** Work order **
Return the records below in full. Keep every word exact and skip the images.

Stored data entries
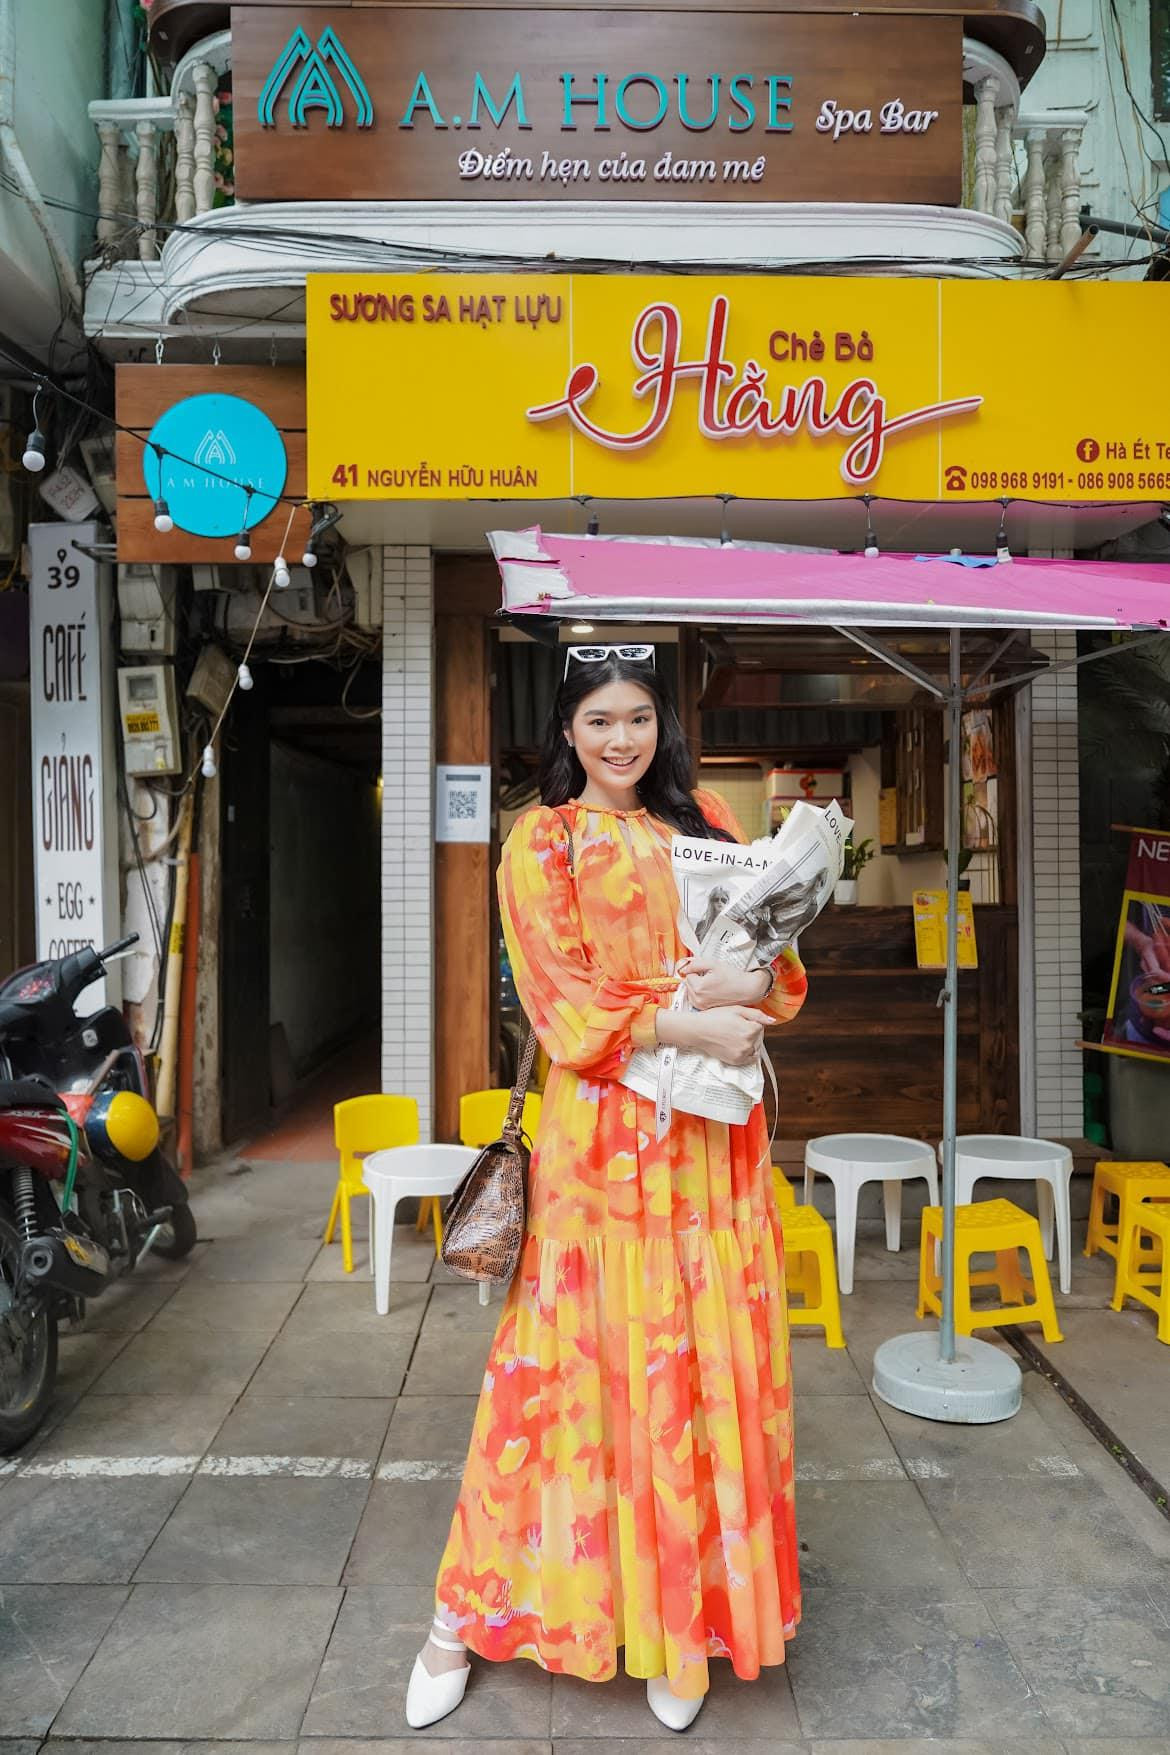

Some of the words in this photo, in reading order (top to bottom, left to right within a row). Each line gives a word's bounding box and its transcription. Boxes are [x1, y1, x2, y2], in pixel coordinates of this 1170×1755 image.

[400, 72, 533, 130] A.M
[559, 73, 795, 132] HOUSE
[816, 100, 872, 141] Spa
[879, 98, 939, 134] Bar
[457, 149, 534, 180] Điểm
[540, 151, 591, 187] hẹn
[598, 151, 646, 181] của
[654, 151, 716, 181] đam
[722, 156, 766, 181] mê
[330, 292, 414, 323] SƯƠNG
[422, 294, 451, 323] SA
[459, 295, 506, 330] HẠT
[515, 293, 562, 330] LỰU
[769, 328, 825, 361] Chè
[835, 329, 873, 361] Bà
[525, 294, 984, 486] Hằng
[1106, 441, 1127, 459] Hà
[1133, 438, 1150, 459] Ét
[332, 463, 359, 488] 41
[367, 461, 441, 488] NGUYỄN
[449, 465, 483, 488] HỮU
[490, 465, 537, 488] HUÂN
[971, 472, 998, 489] 098
[1001, 472, 1028, 489] 968
[1032, 472, 1064, 489] 9191
[1078, 472, 1104, 489] 086
[1108, 472, 1134, 489] 908
[47, 566, 80, 589] 39
[42, 611, 87, 702] CAFÉ
[824, 810, 843, 844] LOVE
[58, 883, 84, 919] EGG

** Your response **
Some of the words in this photo, in reading order (top to bottom, left to right within a row). Each line gives a word's bounding box and its transcription. Boxes are [x1, y1, x2, y2], in pixel coordinates of this 1170×1755 image.

[400, 72, 533, 130] A.M
[559, 73, 795, 132] HOUSE
[816, 100, 872, 141] Spa
[879, 98, 939, 134] Bar
[457, 149, 534, 180] Điểm
[540, 151, 591, 187] hẹn
[598, 151, 646, 181] của
[654, 151, 716, 181] đam
[722, 156, 766, 181] mê
[330, 292, 414, 323] SƯƠNG
[422, 294, 451, 323] SA
[459, 295, 506, 330] HẠT
[515, 293, 562, 330] LỰU
[769, 328, 825, 361] Chè
[835, 329, 873, 361] Bà
[525, 294, 984, 486] Hằng
[1106, 441, 1127, 459] Hà
[1133, 438, 1150, 459] Ét
[332, 463, 359, 488] 41
[367, 461, 441, 488] NGUYỄN
[449, 465, 483, 488] HỮU
[490, 465, 537, 488] HUÂN
[971, 472, 998, 489] 098
[1001, 472, 1028, 489] 968
[1032, 472, 1064, 489] 9191
[1078, 472, 1104, 489] 086
[1108, 472, 1134, 489] 908
[47, 566, 80, 589] 39
[42, 611, 87, 702] CAFÉ
[824, 810, 843, 844] LOVE
[58, 883, 84, 919] EGG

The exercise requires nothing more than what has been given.